What they do not seem to need is artifacts from somebody else's make believe, entrepreneurial and costly as it may be. Disney -- step aside. Barbie -- step aside.
I have a whole cache of fairy, princess, fancy-dancy, and fire chief costumes. What they always choose, in the end, is an old scarf or scrap of fabric, a feather, and some cardboard thing of their own design. And they will it all to work. And it does.
They have created whole worlds of baking, dancing, puppet drama and shows requiring hand-made tickets, curtains from bed sheets, and audience participation without much help from the 99 cent store or the Disney store that I so willingly provide.

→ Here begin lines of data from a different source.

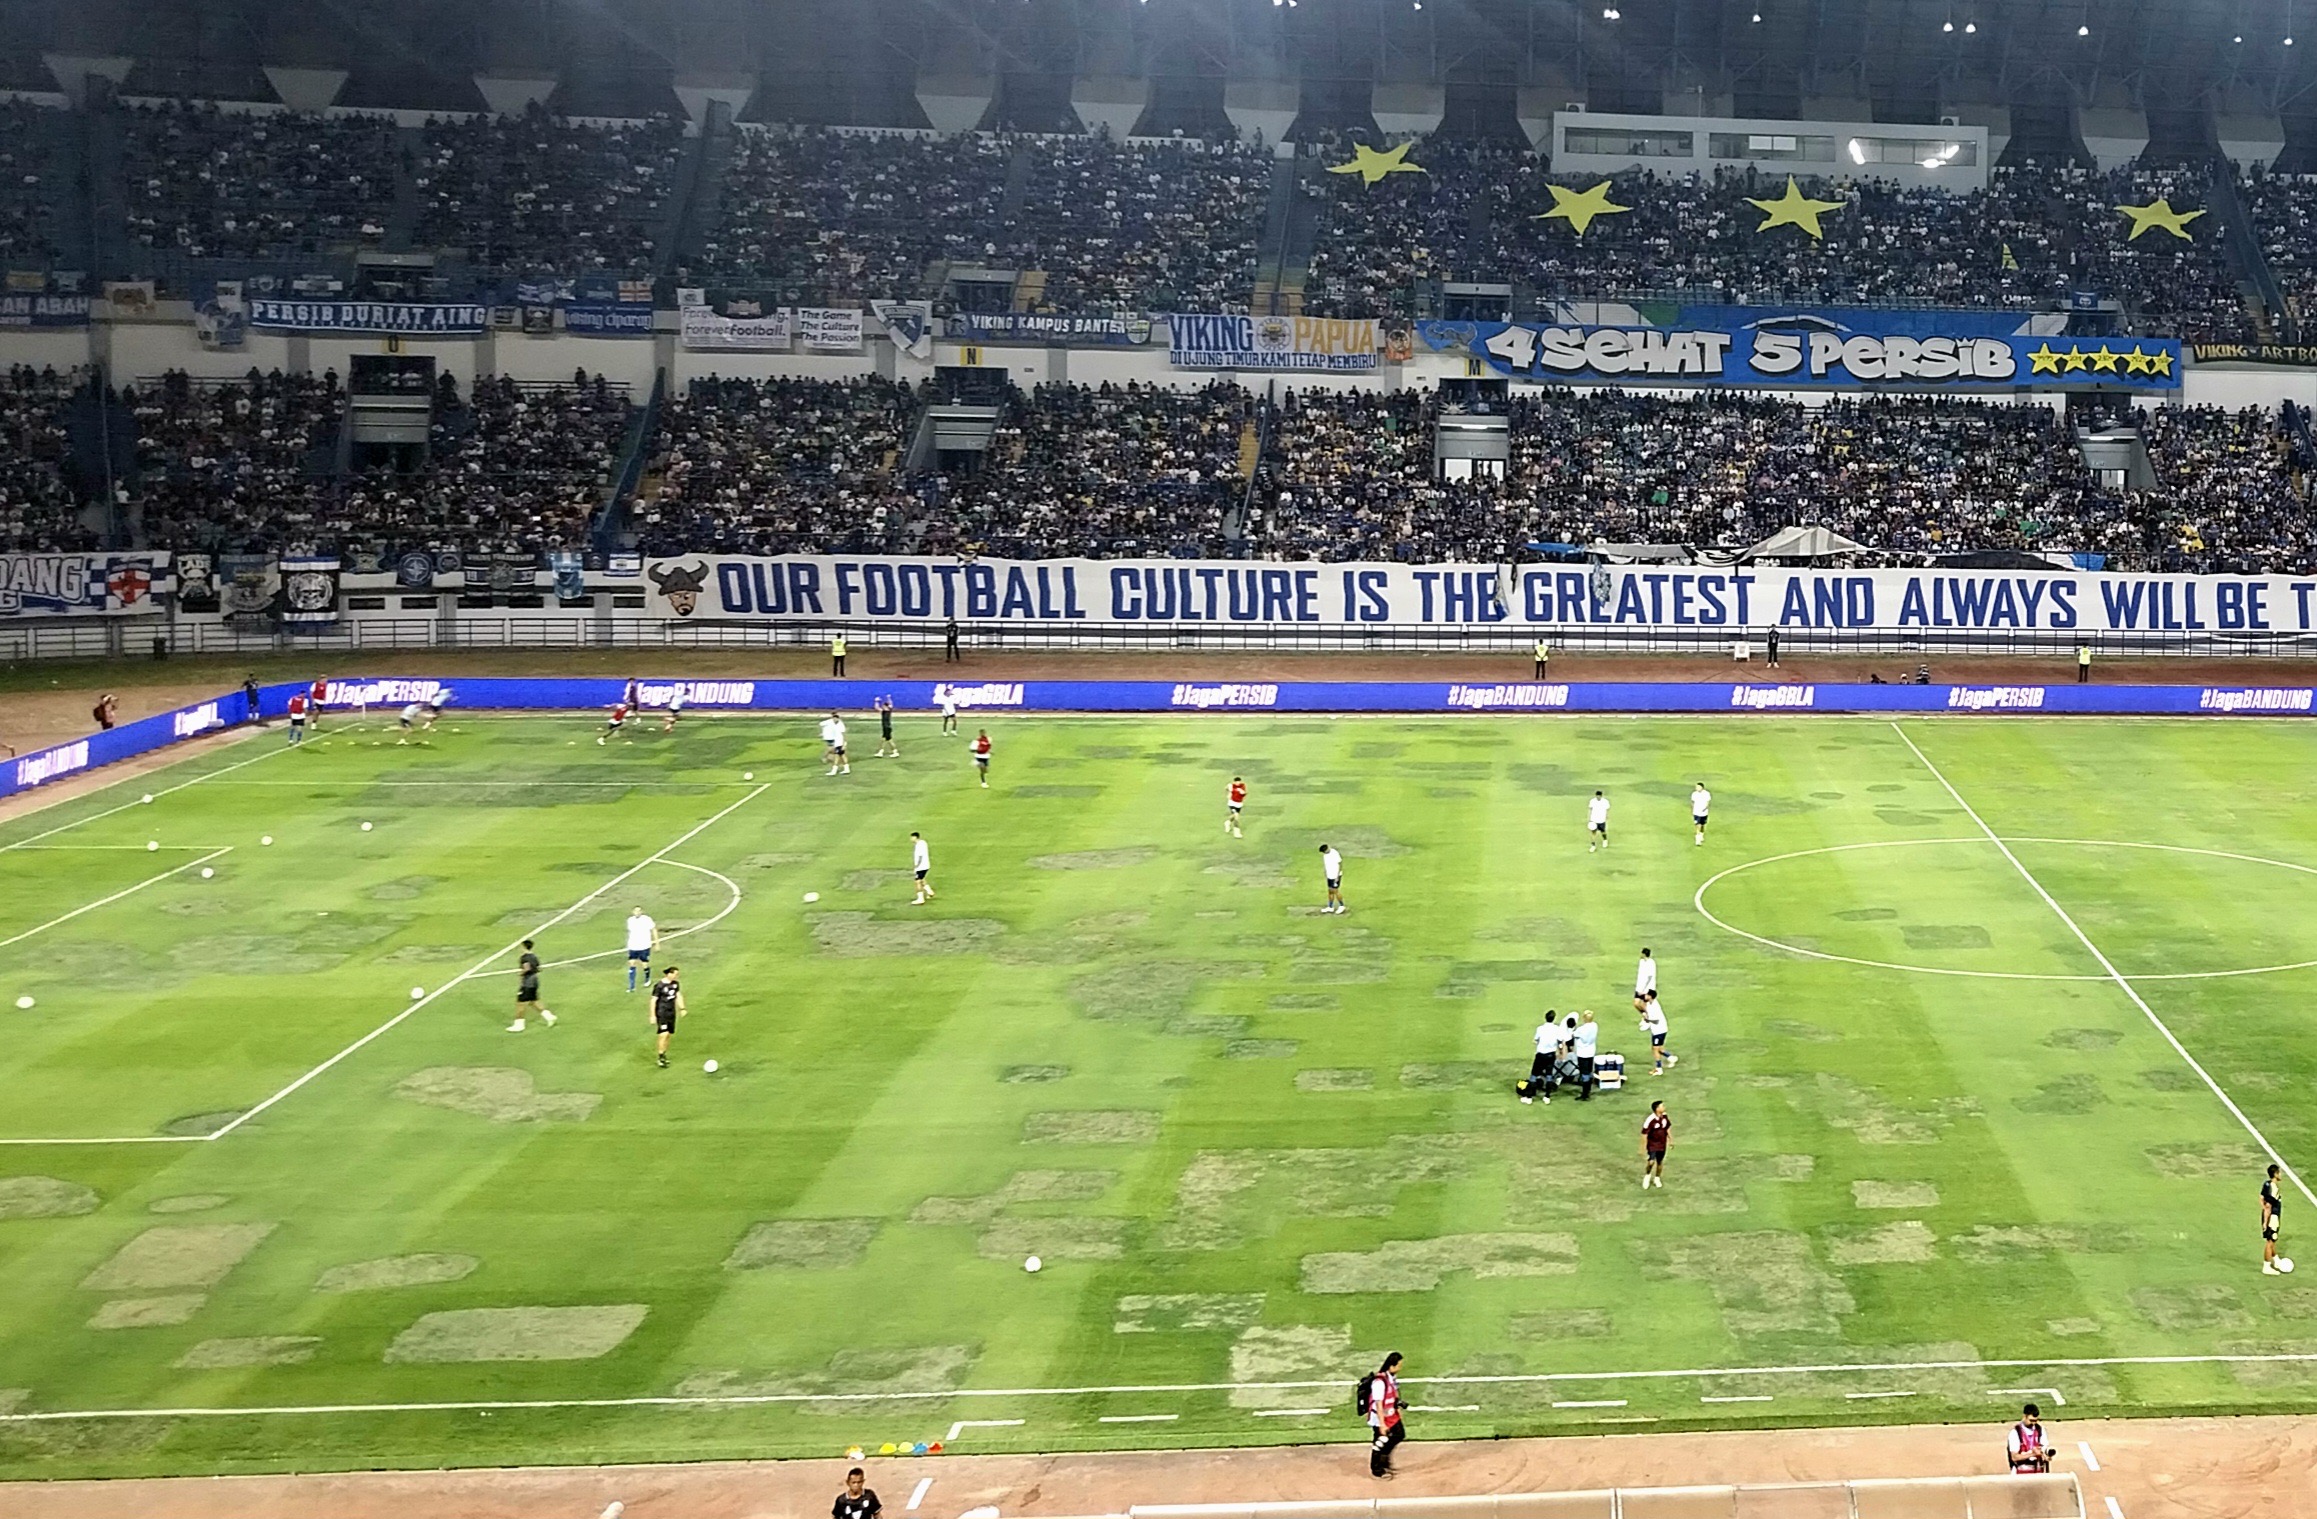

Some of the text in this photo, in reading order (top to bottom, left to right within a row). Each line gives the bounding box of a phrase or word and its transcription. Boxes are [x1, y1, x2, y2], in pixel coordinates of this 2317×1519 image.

[252, 302, 334, 322] PERSIB
[341, 305, 426, 325] DURIAT
[432, 307, 487, 325] AING
[801, 310, 819, 319] The
[822, 311, 853, 321] Game
[971, 314, 1012, 330] VIKING
[1017, 316, 1070, 333] KAMPUS
[801, 321, 860, 332] The Culture
[821, 333, 860, 343] Passion
[1169, 314, 1254, 351] VIKING
[1293, 316, 1376, 354] PAPUA
[966, 347, 977, 366] N
[1184, 351, 1223, 366] UJUNG
[1225, 352, 1260, 367] TIMUR
[1260, 353, 1291, 367] KAMI
[1290, 353, 1326, 368] TETAP
[1327, 354, 1377, 369] MEMBIRU
[1486, 325, 1538, 368] 4
[1748, 330, 1803, 375] 5
[2195, 344, 2249, 359] VIKING
[1469, 359, 1481, 376] M
[716, 562, 824, 614] OUR
[834, 562, 1087, 618] FOOTBALL
[1110, 567, 1320, 622] CULTURE
[1343, 570, 1389, 623] IS
[1412, 571, 1503, 623] THE
[1780, 576, 1875, 628] AND
[1898, 577, 2078, 629] ALWAYS
[2099, 579, 2206, 630] WILL
[2216, 581, 2270, 630] BE
[2290, 583, 2317, 628] T
[1170, 684, 1279, 709] #JagaPERSIB
[1447, 685, 1570, 708] #JagaBANDUNG
[1731, 685, 1815, 709] #JagaGBLA
[1948, 687, 2045, 711] #JagaPERSIB
[2200, 688, 2314, 711] #JagaBANDUNG

What I am beginning to learn is that we all need to create our own reality every single day out of the things that mean something to us and the things that are at hand. We need to let a scarf be our magic adornment, a feather enable us to fly, and a bit of paper become our ticket to a reality that is better than whatever else is being sold out there.
We can make our own heroes, and we actually may even make ourselves into one or recognize that we are already there. We can build cities, farms, parks, gardens, that please us. We can grow lollipops or rainbows or giant scary slime creatures. Whatever we need.
We can do it. If you can imagine it, it can happen. After all -- somebody had a dream about going to the moon. Didn't we do that? I still have a hard time believing it could happen again. But I will keep make believing which is, after all, just another way to dream.